What is the convention for generating person_ids between CDM refreshes?

mccullen_j · July 31, 2023, 1:59pm

When you are refreshing your CDM, do you need to ensure that the person_id remains the same? For example, if you have person_id 100 before the refresh, does the same person need to be person_id 100 after the refresh? I’m asking because it would be possible for the person to be something other than 100 if you assigned a simple row_number() for the person_id. I’m not sure if I need my refresh logic to ensure that existing persons retain their person_ids. I think this question may apply to other identifiers too.

Mark · July 31, 2023, 2:39pm

Unless you are doing incremental updates of your instance, no. Most of us do kill and fill, so the data will be linked, always, to the correct person.

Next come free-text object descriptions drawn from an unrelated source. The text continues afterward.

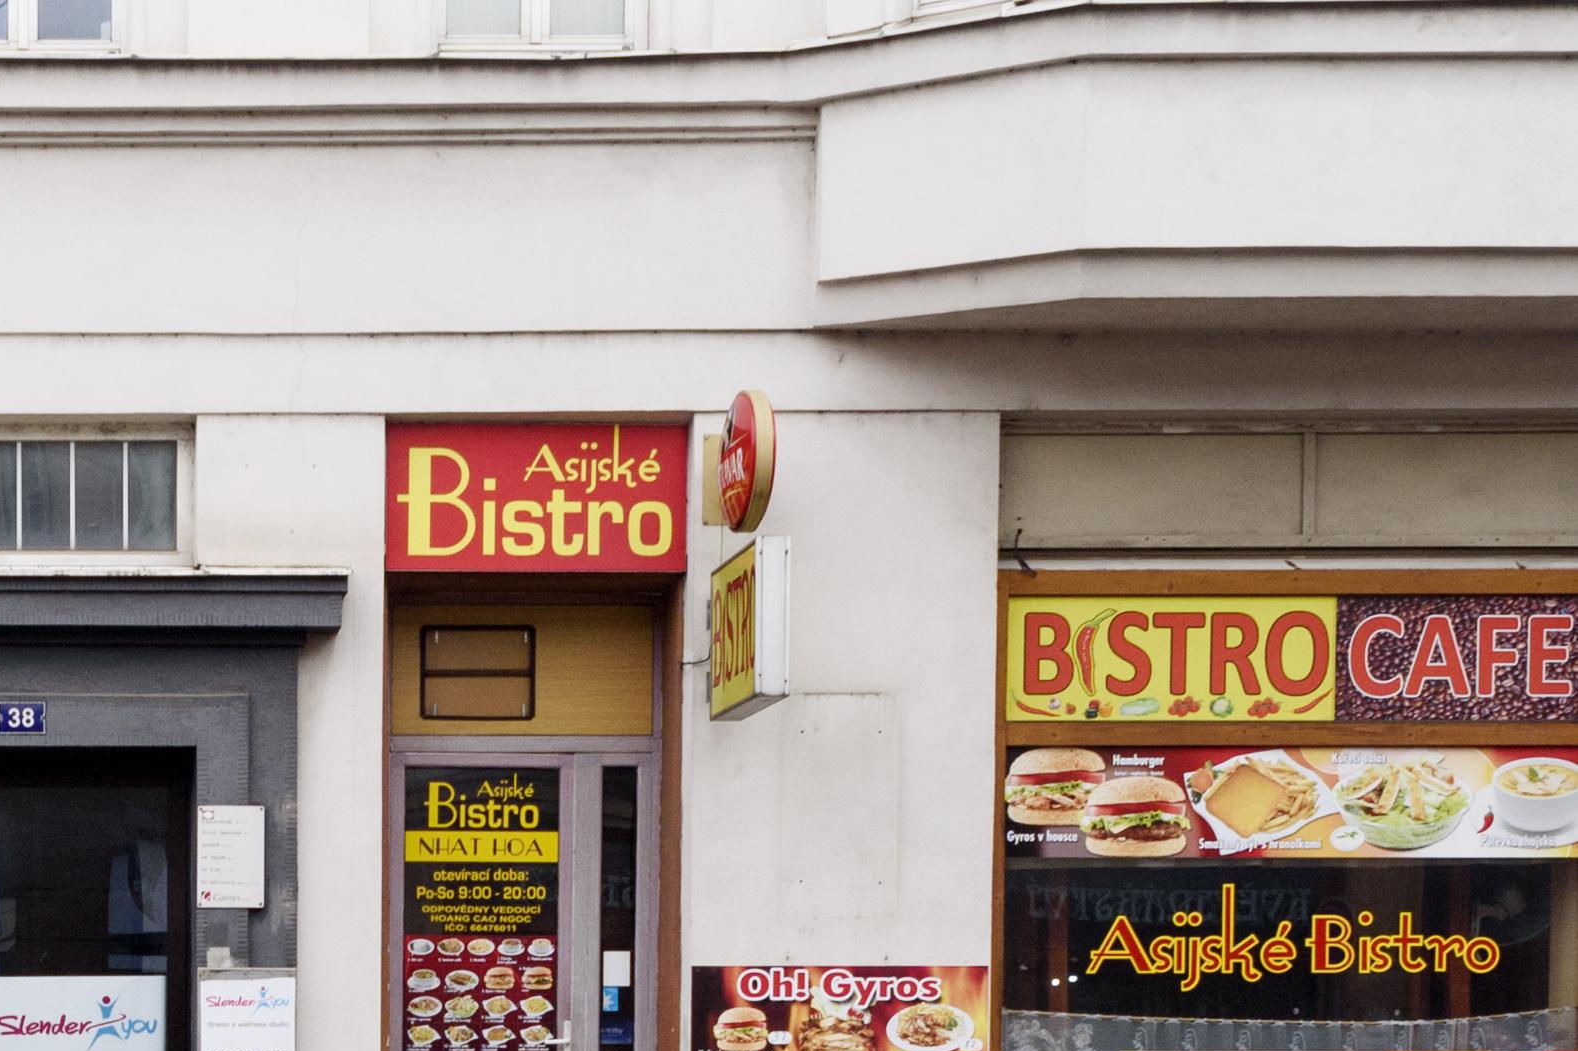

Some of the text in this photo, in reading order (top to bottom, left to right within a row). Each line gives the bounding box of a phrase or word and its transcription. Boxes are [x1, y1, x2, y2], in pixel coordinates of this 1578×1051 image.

[523, 424, 661, 494] Asijské
[396, 446, 673, 557] Bistro
[1022, 607, 1331, 697] BISTRO
[1347, 613, 1577, 700] CAFE
[7, 707, 35, 729] 38
[1112, 754, 1165, 768] Hamburger
[477, 773, 535, 802] Asijské
[423, 781, 540, 829] Bistro
[419, 837, 544, 857] NHAT HOA
[1006, 830, 1078, 844] Gyros v housce
[433, 868, 529, 882] otevírací doba:
[416, 886, 455, 900] Po-So
[458, 886, 492, 900] 9:00
[503, 886, 547, 900] 20:00
[430, 914, 532, 924] HOANG CAO NGOC
[492, 904, 542, 914] VEDOUCÍ
[444, 922, 467, 933] IČO:
[1085, 883, 1501, 993] Asijské Bistro
[738, 967, 942, 1009] Oh! Gyros
[205, 995, 255, 1008] Slender
[121, 1018, 158, 1040] you
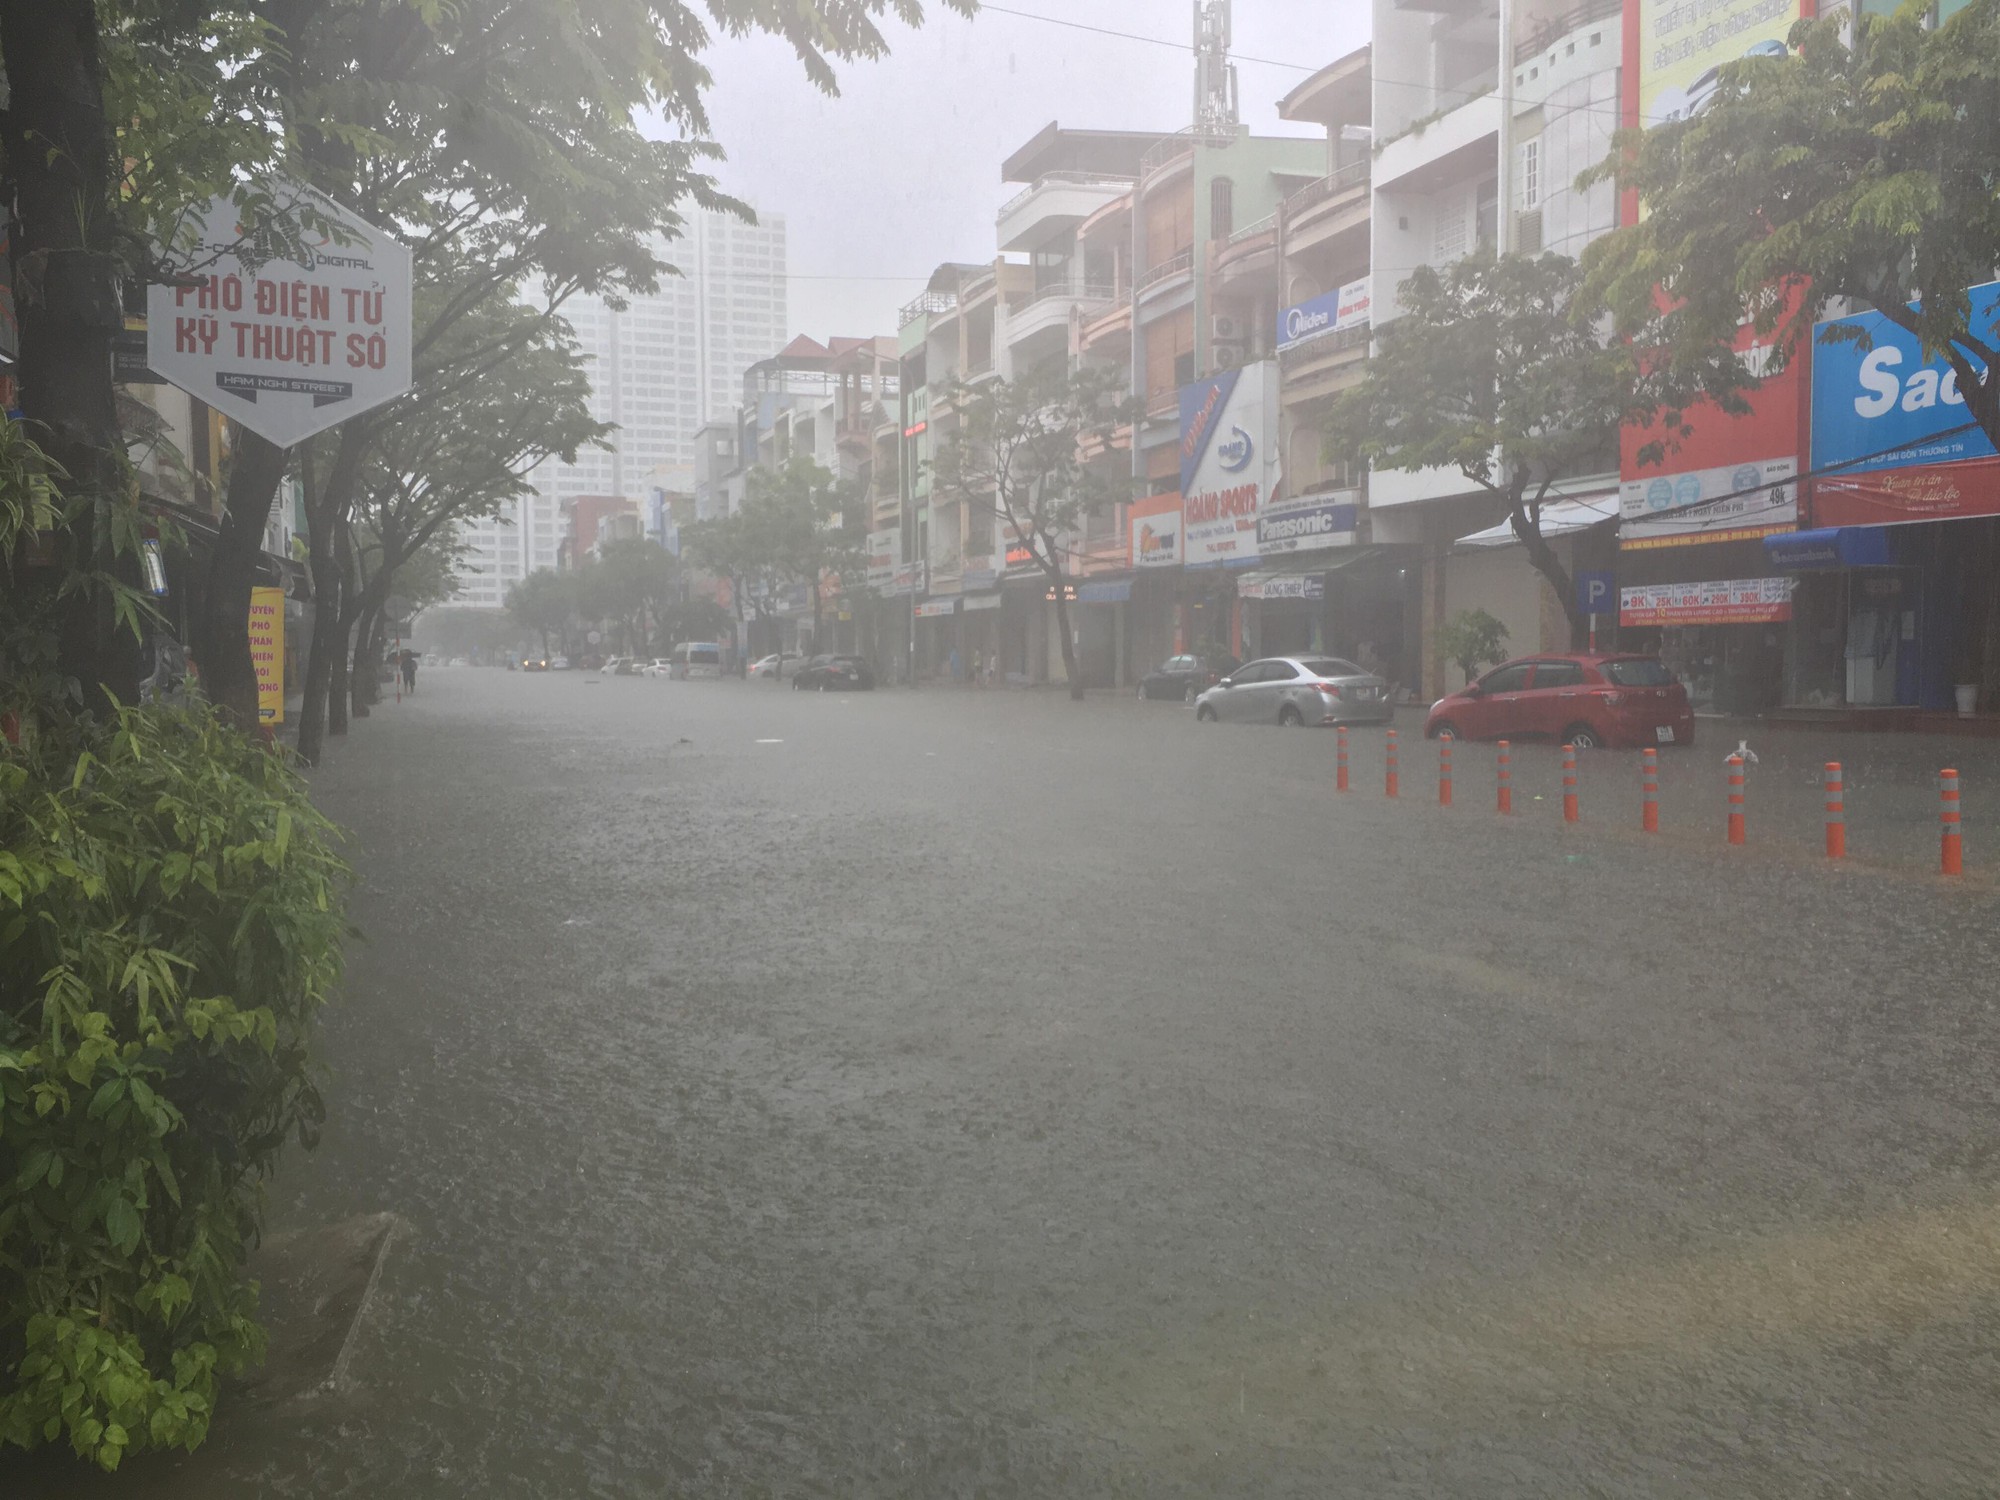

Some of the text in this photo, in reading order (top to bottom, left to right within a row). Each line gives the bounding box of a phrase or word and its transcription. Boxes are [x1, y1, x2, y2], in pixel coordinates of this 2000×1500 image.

[316, 254, 375, 271] DIGITAL
[254, 279, 330, 322] ĐIỆN
[341, 281, 387, 325] TỬ
[176, 313, 387, 370] KỸ THUẬT SỐ
[224, 374, 345, 394] HAM NGHI STREET
[1186, 483, 1259, 524] HOÀNG SPORTS
[1260, 510, 1333, 542] Panasonic
[1589, 580, 1606, 604] P

DTorok · July 31, 2023, 2:52pm

We often see where the person’s medical identifier is considered PHI and not included in the OMOP tables, but the customer wants to be able to associate the OMOP person Id back to the medical identifier. In these cases we maintain a table that has both the EHR medical identifier and the OMOP person_id. This table is persistent between updates. When doing a refresh, the ETL checks if the EHR medical identifier was seen before, and if so uses the OMOP person id from the table, and if it is the first time for the EHR medical identifier a new OMOP person id is generated. Using this scheme, the OMOP person id will be the same from one ETL to the next.

MPhilofsky · July 31, 2023, 3:51pm

OHDSI does not have a convention for maintaining the same person_id for a person between data refreshes. However, if your institution is part of a project which delivers data more than once to a person or group, then they might require the person_id remains the same.

Also, Mark and Don’s answers are valid. However, what you do with your person_id between data refreshes is dependent on your use case.